If an entry below holds a picture, leave the picture out and print the rest exactly.
====== Given entries
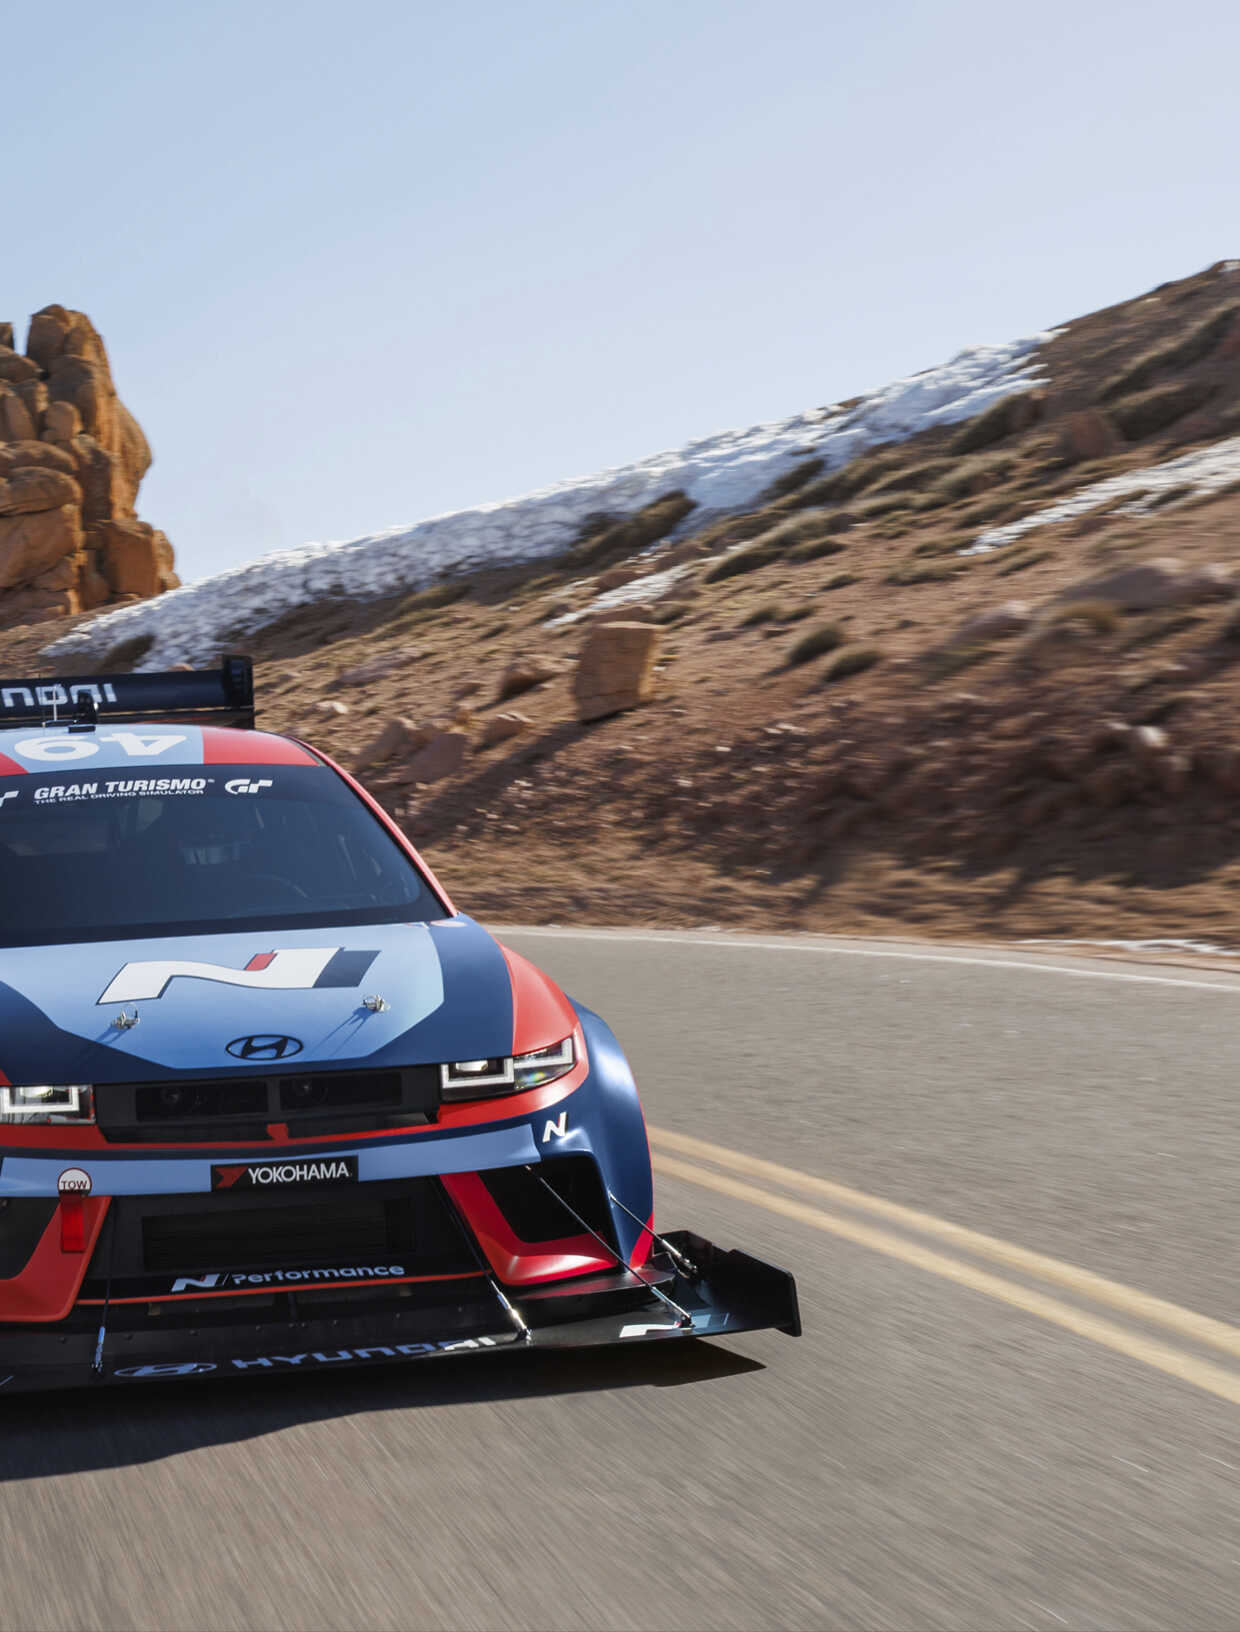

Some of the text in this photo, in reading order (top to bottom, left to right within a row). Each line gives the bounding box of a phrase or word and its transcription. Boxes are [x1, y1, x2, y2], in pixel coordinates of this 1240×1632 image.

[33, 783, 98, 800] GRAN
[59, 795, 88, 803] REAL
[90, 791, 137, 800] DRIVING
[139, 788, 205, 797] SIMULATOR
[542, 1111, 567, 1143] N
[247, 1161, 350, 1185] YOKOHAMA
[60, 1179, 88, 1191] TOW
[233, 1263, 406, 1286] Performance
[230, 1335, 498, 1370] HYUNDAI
============
§ Result for this exercise:
Some of the text in this photo, in reading order (top to bottom, left to right within a row). Each line gives the bounding box of a phrase or word and its transcription. Boxes are [x1, y1, x2, y2], in pixel coordinates of this 1240×1632 image.

[33, 783, 98, 800] GRAN
[59, 795, 88, 803] REAL
[90, 791, 137, 800] DRIVING
[139, 788, 205, 797] SIMULATOR
[542, 1111, 567, 1143] N
[247, 1161, 350, 1185] YOKOHAMA
[60, 1179, 88, 1191] TOW
[233, 1263, 406, 1286] Performance
[230, 1335, 498, 1370] HYUNDAI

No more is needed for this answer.